At least you're not delusional about him leaving his wife -- that almost never happens. The decision to keep your baby is a personal one based on what works for you, and your conscience. The good news is the guy is not pressuring you to abort. So there's a good chance he'll participate in raising the child, and providing financial support should you chose to have the baby.

Whatever you decide, I'm willing to bet your mom will support you. Everybody makes mistakes, so don't beat yourself up over yours. Next time, just be more selective with who you fall in love, and share your body with.


Dear Willie D:

When I was in my teens I was a typical rebellious kid and very sexually active. I ran with the wrong crowd, smoked and drunk everything I could get my hands on. I had sex with 38 guys by the time I was 19. It's taken me some time to learn to love myself and respect my body.

Ironically, it wasn't until I started caring about myself in a spiritual way that I met the best guy I've ever known in my life. My problem is that when I met him he asked me how many sexual partners I had been with, and I lied and told him four. He knows that I have had trouble trusting men in the past, but I feel like a hypocrite for lying to him.

I want to come clean with him about my sexual past for my own conscience, not necessarily his. How can I do that without losing his trust?

Coming Clean:

Good seldom comes from candidly disclosing your sexual history; unless you're a virgin or your partner is the type who gets off to such a thing. If it bothers you that much, tell him, but I think you'll be shooting yourself in the foot. Because you weren't honest upfront, he may lose trust in you.

But there's hope. You're already in love with each other, so even though your bond might sustain some damage there's a good chance your boyfriend will eventually forgive you. What's done is done. Those other guys are in your past. The present and the future belongs to him. He's got to know that.

Story continues on the next page.


Dear Willie D:

I am a single mother at the end of my rope with breaking up fights between my son and daughter. My son is seven and my daughter is nine. The only time they don't fight is when they're sleeping. They don't hit [each other], but they argue about everything. A few months ago I almost got into a car accident because I turned to see what they were fighting about.

My son kept putting his foot on my daughter's leg simply to agitate her. It's not all one way though. There have been plenty of times where she's done things to annoy him. Sometimes I might punish them by taking away their phones for a couple of days, or making them sit on the sofa and hold hands for an hour. They hate it, but not enough to respect each other afterward.

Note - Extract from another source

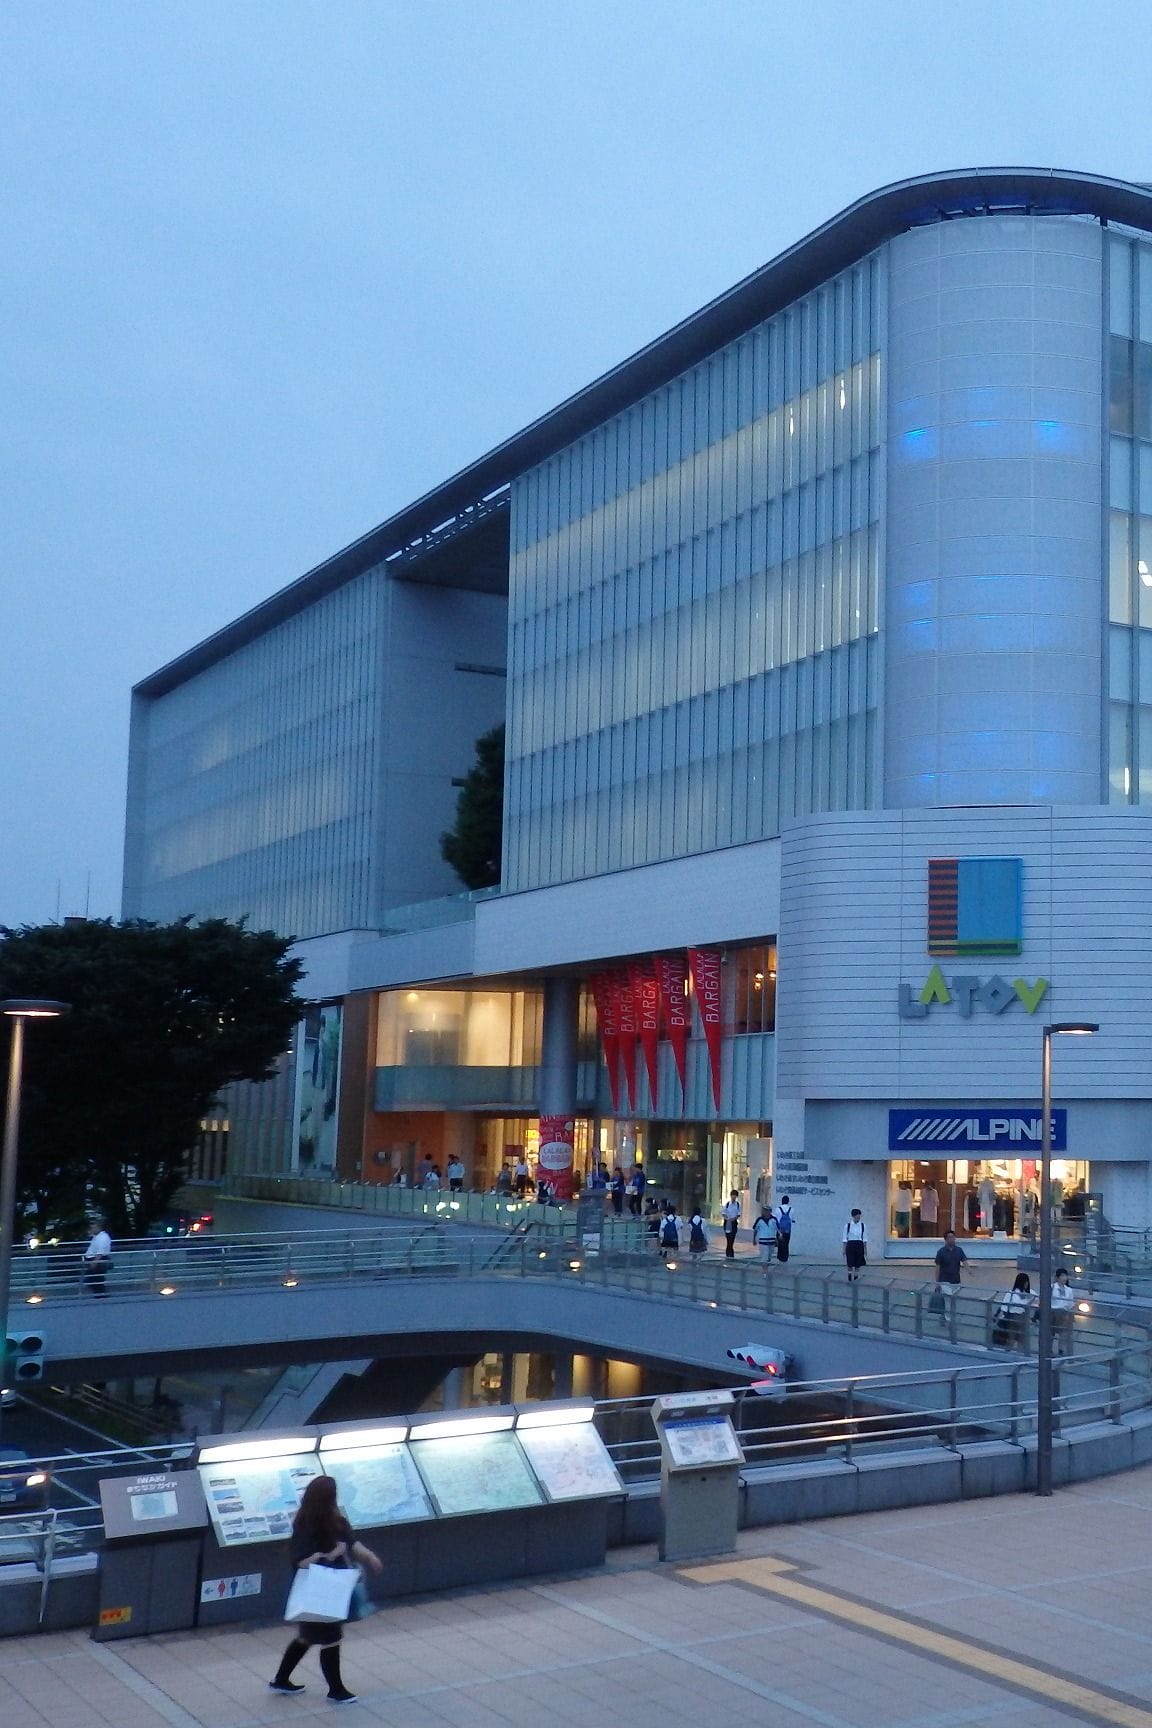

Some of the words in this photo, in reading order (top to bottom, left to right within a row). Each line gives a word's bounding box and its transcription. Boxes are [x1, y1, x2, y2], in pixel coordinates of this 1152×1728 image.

With them going tit for tat constantly trying to one up each other, how do I stop them from bumping heads? I don't believe in spankings.

Hands Offspring:

Don't you know that siblings are supposed to argue? No, really. When my son and daughter were younger they used to fight all the time. My son, who is four years younger, was usually the instigator. If you discipline them with firm and consistent consequences, they will grow out of it as mine did.

If you want speedy results you have to hit them where it hurts. Their mom and I took away privileges and prevented them from hanging out with friends, and participating in activities outside of home. The "no friends and activities rule" was highly effective.

Another thing you can do is give them chores each time they argue, but not just any chore. Make them get down and dirty with things like cleaning the toilet, washing windows, mowing the lawn and organizing the garage. As in any relationship eventually each of them will realize that life is more rewarding when they work together. It's up to you to promote a hazard-free environment so nobody gets hurts in the process.


Dear Willie D:

I'm a college student, and I have to write an argumentative on inequality for my sociology class. I have to state my opinion, but I don't know which side to take. The question is, Social Inequality: Real or Fiction?

College Student:

Never write an essay in first person. When you write your essay it needs to be in third person and from a matter-of-fact position. For example: You would say, "Social inequality cannot be solved by legislating people out of poverty," not "I don't believe social inequality can be solved by legislating people out of poverty." Take the side that you're most passionate about.

If you believe that social inequality is a figment of people's imagination, say it's fiction. If you think it's harmful to human progress, your position should be that it's real. However, being passionate isn't enough to write a good essay. Know the facts on both sides and mention the pros and the cons, even if you vehemently disagree with the other side; and above all know your audience.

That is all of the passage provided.